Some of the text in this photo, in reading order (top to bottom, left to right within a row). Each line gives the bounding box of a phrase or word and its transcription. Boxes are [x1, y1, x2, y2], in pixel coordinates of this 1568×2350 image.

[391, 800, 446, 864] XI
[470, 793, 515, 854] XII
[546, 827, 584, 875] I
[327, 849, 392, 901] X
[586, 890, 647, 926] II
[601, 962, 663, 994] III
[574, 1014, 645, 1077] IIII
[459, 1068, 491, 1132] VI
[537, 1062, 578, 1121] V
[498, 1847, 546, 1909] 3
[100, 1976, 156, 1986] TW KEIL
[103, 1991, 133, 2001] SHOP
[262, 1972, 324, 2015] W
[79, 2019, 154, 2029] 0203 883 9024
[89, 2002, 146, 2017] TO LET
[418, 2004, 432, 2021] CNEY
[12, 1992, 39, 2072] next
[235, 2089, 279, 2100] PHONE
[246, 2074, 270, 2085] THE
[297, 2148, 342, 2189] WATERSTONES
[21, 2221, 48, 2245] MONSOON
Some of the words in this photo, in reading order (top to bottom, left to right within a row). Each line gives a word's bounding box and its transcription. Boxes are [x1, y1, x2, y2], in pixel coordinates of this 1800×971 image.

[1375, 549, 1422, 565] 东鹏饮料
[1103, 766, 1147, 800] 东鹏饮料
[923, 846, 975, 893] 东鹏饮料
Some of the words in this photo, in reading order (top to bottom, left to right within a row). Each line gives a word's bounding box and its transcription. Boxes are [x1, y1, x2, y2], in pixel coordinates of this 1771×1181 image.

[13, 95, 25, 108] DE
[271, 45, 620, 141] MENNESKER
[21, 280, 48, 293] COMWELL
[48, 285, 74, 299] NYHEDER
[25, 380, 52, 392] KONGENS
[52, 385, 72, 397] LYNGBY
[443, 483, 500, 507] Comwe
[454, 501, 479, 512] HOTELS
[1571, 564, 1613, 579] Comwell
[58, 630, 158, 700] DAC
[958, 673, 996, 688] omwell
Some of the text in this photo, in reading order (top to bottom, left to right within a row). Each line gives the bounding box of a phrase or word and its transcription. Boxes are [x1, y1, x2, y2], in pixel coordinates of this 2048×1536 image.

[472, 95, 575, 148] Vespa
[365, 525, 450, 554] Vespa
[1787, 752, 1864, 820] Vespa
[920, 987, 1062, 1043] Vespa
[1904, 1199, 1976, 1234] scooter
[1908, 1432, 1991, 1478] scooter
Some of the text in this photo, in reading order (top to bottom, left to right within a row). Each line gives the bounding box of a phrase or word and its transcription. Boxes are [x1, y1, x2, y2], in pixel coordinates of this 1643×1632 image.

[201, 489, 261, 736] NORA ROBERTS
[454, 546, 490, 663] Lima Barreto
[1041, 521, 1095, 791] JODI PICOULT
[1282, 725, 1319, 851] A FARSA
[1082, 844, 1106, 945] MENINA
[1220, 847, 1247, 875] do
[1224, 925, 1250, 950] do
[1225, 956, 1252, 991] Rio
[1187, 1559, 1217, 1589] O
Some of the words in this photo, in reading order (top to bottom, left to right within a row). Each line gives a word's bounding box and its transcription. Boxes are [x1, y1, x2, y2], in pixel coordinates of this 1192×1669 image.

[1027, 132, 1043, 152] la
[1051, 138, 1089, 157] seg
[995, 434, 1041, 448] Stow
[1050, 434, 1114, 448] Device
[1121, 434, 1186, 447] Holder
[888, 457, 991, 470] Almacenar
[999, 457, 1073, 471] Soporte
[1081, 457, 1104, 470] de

○ ○ ○ ○

• _What is expected_: Retype the data exactly as it reads.

• _Solution for this task_:
Some of the text in this photo, in reading order (top to bottom, left to right within a row). Each line gives the bounding box of a phrase or word and its transcription. Boxes are [x1, y1, x2, y2], in pixel coordinates of this 1568×2350 image.

[391, 800, 446, 864] XI
[470, 793, 515, 854] XII
[546, 827, 584, 875] I
[327, 849, 392, 901] X
[586, 890, 647, 926] II
[601, 962, 663, 994] III
[574, 1014, 645, 1077] IIII
[459, 1068, 491, 1132] VI
[537, 1062, 578, 1121] V
[498, 1847, 546, 1909] 3
[100, 1976, 156, 1986] TW KEIL
[103, 1991, 133, 2001] SHOP
[262, 1972, 324, 2015] W
[79, 2019, 154, 2029] 0203 883 9024
[89, 2002, 146, 2017] TO LET
[418, 2004, 432, 2021] CNEY
[12, 1992, 39, 2072] next
[235, 2089, 279, 2100] PHONE
[246, 2074, 270, 2085] THE
[297, 2148, 342, 2189] WATERSTONES
[21, 2221, 48, 2245] MONSOON
Some of the words in this photo, in reading order (top to bottom, left to right within a row). Each line gives a word's bounding box and its transcription. Boxes are [x1, y1, x2, y2], in pixel coordinates of this 1800×971 image.

[1375, 549, 1422, 565] 东鹏饮料
[1103, 766, 1147, 800] 东鹏饮料
[923, 846, 975, 893] 东鹏饮料
Some of the words in this photo, in reading order (top to bottom, left to right within a row). Each line gives a word's bounding box and its transcription. Boxes are [x1, y1, x2, y2], in pixel coordinates of this 1771×1181 image.

[13, 95, 25, 108] DE
[271, 45, 620, 141] MENNESKER
[21, 280, 48, 293] COMWELL
[48, 285, 74, 299] NYHEDER
[25, 380, 52, 392] KONGENS
[52, 385, 72, 397] LYNGBY
[443, 483, 500, 507] Comwe
[454, 501, 479, 512] HOTELS
[1571, 564, 1613, 579] Comwell
[58, 630, 158, 700] DAC
[958, 673, 996, 688] omwell
Some of the text in this photo, in reading order (top to bottom, left to right within a row). Each line gives the bounding box of a phrase or word and its transcription. Boxes are [x1, y1, x2, y2], in pixel coordinates of this 2048×1536 image.

[472, 95, 575, 148] Vespa
[365, 525, 450, 554] Vespa
[1787, 752, 1864, 820] Vespa
[920, 987, 1062, 1043] Vespa
[1904, 1199, 1976, 1234] scooter
[1908, 1432, 1991, 1478] scooter
Some of the text in this photo, in reading order (top to bottom, left to right within a row). Each line gives the bounding box of a phrase or word and its transcription. Boxes are [x1, y1, x2, y2], in pixel coordinates of this 1643×1632 image.

[201, 489, 261, 736] NORA ROBERTS
[454, 546, 490, 663] Lima Barreto
[1041, 521, 1095, 791] JODI PICOULT
[1282, 725, 1319, 851] A FARSA
[1082, 844, 1106, 945] MENINA
[1220, 847, 1247, 875] do
[1224, 925, 1250, 950] do
[1225, 956, 1252, 991] Rio
[1187, 1559, 1217, 1589] O
Some of the words in this photo, in reading order (top to bottom, left to right within a row). Each line gives a word's bounding box and its transcription. Boxes are [x1, y1, x2, y2], in pixel coordinates of this 1192×1669 image.

[1027, 132, 1043, 152] la
[1051, 138, 1089, 157] seg
[995, 434, 1041, 448] Stow
[1050, 434, 1114, 448] Device
[1121, 434, 1186, 447] Holder
[888, 457, 991, 470] Almacenar
[999, 457, 1073, 471] Soporte
[1081, 457, 1104, 470] de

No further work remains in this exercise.